= Prompt =
Scan the material below and report how many lines include the string "formula"; nothing else belongs in the reply.

= The data =

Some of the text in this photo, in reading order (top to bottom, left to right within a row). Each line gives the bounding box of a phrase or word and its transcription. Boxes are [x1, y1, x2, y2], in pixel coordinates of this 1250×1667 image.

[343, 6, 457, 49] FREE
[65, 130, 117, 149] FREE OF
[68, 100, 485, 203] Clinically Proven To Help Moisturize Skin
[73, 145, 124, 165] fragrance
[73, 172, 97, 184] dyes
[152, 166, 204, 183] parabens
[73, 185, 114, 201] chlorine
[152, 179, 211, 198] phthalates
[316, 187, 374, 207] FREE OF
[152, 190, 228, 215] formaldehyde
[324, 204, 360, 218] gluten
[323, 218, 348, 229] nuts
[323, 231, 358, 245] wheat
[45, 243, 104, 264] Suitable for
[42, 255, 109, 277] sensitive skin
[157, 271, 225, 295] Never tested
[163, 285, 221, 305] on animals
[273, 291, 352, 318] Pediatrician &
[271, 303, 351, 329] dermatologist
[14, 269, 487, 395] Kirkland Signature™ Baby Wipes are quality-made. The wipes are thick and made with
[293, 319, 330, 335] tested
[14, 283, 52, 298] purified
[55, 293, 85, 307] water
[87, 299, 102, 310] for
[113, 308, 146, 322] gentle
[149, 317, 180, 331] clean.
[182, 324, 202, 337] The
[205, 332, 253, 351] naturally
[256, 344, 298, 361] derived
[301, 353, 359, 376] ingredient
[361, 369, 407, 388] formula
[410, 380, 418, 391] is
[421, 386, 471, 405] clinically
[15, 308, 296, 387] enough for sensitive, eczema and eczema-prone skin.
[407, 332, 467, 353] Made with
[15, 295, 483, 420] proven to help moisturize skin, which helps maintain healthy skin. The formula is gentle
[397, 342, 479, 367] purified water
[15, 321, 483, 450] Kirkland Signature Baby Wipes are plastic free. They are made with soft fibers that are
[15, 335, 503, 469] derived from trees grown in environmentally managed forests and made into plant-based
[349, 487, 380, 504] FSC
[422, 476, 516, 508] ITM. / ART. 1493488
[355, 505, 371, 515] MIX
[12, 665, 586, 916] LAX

= Task result =
2